[Source data]
——

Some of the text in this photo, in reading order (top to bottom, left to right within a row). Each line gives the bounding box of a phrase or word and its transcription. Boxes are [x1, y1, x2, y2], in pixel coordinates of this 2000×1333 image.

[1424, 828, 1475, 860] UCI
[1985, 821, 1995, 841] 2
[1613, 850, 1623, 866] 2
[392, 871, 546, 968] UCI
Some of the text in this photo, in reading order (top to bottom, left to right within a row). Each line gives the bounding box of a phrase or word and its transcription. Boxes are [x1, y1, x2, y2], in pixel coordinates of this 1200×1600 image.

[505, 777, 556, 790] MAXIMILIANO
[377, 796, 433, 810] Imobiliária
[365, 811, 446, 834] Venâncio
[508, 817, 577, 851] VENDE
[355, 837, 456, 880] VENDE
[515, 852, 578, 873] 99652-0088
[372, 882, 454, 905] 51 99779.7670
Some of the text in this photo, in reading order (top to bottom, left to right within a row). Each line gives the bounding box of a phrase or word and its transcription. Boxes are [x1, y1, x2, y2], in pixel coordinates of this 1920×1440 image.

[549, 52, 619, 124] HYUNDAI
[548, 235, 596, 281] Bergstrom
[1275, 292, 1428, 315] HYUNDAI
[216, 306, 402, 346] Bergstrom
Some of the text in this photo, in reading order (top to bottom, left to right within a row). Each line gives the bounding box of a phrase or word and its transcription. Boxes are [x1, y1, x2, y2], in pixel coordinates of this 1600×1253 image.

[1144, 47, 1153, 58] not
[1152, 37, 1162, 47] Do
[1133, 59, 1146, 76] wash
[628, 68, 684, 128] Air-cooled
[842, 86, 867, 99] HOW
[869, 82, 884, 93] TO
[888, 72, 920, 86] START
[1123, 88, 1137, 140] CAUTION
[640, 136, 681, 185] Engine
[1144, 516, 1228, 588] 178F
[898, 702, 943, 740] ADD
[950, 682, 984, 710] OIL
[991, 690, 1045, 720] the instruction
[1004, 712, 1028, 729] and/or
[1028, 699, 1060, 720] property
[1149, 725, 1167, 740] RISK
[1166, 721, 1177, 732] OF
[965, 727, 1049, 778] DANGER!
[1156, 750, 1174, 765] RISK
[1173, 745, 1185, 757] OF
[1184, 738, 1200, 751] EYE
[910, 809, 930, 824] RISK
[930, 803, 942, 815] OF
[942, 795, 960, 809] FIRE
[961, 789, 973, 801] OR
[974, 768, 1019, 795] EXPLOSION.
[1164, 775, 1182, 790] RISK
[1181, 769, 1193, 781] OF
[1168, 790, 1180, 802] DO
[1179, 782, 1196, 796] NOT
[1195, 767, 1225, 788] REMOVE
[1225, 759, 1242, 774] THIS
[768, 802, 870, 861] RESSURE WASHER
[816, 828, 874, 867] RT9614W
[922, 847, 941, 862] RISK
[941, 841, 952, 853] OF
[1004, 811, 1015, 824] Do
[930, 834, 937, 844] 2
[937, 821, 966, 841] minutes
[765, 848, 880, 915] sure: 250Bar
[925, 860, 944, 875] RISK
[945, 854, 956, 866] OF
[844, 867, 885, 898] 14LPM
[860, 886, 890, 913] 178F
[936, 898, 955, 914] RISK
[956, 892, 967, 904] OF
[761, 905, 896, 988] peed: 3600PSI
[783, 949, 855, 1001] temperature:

——

__Task requirements__
Copy the records word for word.

__Solution to the exercise__
Some of the text in this photo, in reading order (top to bottom, left to right within a row). Each line gives the bounding box of a phrase or word and its transcription. Boxes are [x1, y1, x2, y2], in pixel coordinates of this 2000×1333 image.

[1424, 828, 1475, 860] UCI
[1985, 821, 1995, 841] 2
[1613, 850, 1623, 866] 2
[392, 871, 546, 968] UCI
Some of the text in this photo, in reading order (top to bottom, left to right within a row). Each line gives the bounding box of a phrase or word and its transcription. Boxes are [x1, y1, x2, y2], in pixel coordinates of this 1200×1600 image.

[505, 777, 556, 790] MAXIMILIANO
[377, 796, 433, 810] Imobiliária
[365, 811, 446, 834] Venâncio
[508, 817, 577, 851] VENDE
[355, 837, 456, 880] VENDE
[515, 852, 578, 873] 99652-0088
[372, 882, 454, 905] 51 99779.7670
Some of the text in this photo, in reading order (top to bottom, left to right within a row). Each line gives the bounding box of a phrase or word and its transcription. Boxes are [x1, y1, x2, y2], in pixel coordinates of this 1920×1440 image.

[549, 52, 619, 124] HYUNDAI
[548, 235, 596, 281] Bergstrom
[1275, 292, 1428, 315] HYUNDAI
[216, 306, 402, 346] Bergstrom
Some of the text in this photo, in reading order (top to bottom, left to right within a row). Each line gives the bounding box of a phrase or word and its transcription. Boxes are [x1, y1, x2, y2], in pixel coordinates of this 1600×1253 image.

[1144, 47, 1153, 58] not
[1152, 37, 1162, 47] Do
[1133, 59, 1146, 76] wash
[628, 68, 684, 128] Air-cooled
[842, 86, 867, 99] HOW
[869, 82, 884, 93] TO
[888, 72, 920, 86] START
[1123, 88, 1137, 140] CAUTION
[640, 136, 681, 185] Engine
[1144, 516, 1228, 588] 178F
[898, 702, 943, 740] ADD
[950, 682, 984, 710] OIL
[991, 690, 1045, 720] the instruction
[1004, 712, 1028, 729] and/or
[1028, 699, 1060, 720] property
[1149, 725, 1167, 740] RISK
[1166, 721, 1177, 732] OF
[965, 727, 1049, 778] DANGER!
[1156, 750, 1174, 765] RISK
[1173, 745, 1185, 757] OF
[1184, 738, 1200, 751] EYE
[910, 809, 930, 824] RISK
[930, 803, 942, 815] OF
[942, 795, 960, 809] FIRE
[961, 789, 973, 801] OR
[974, 768, 1019, 795] EXPLOSION.
[1164, 775, 1182, 790] RISK
[1181, 769, 1193, 781] OF
[1168, 790, 1180, 802] DO
[1179, 782, 1196, 796] NOT
[1195, 767, 1225, 788] REMOVE
[1225, 759, 1242, 774] THIS
[768, 802, 870, 861] RESSURE WASHER
[816, 828, 874, 867] RT9614W
[922, 847, 941, 862] RISK
[941, 841, 952, 853] OF
[1004, 811, 1015, 824] Do
[930, 834, 937, 844] 2
[937, 821, 966, 841] minutes
[765, 848, 880, 915] sure: 250Bar
[925, 860, 944, 875] RISK
[945, 854, 956, 866] OF
[844, 867, 885, 898] 14LPM
[860, 886, 890, 913] 178F
[936, 898, 955, 914] RISK
[956, 892, 967, 904] OF
[761, 905, 896, 988] peed: 3600PSI
[783, 949, 855, 1001] temperature:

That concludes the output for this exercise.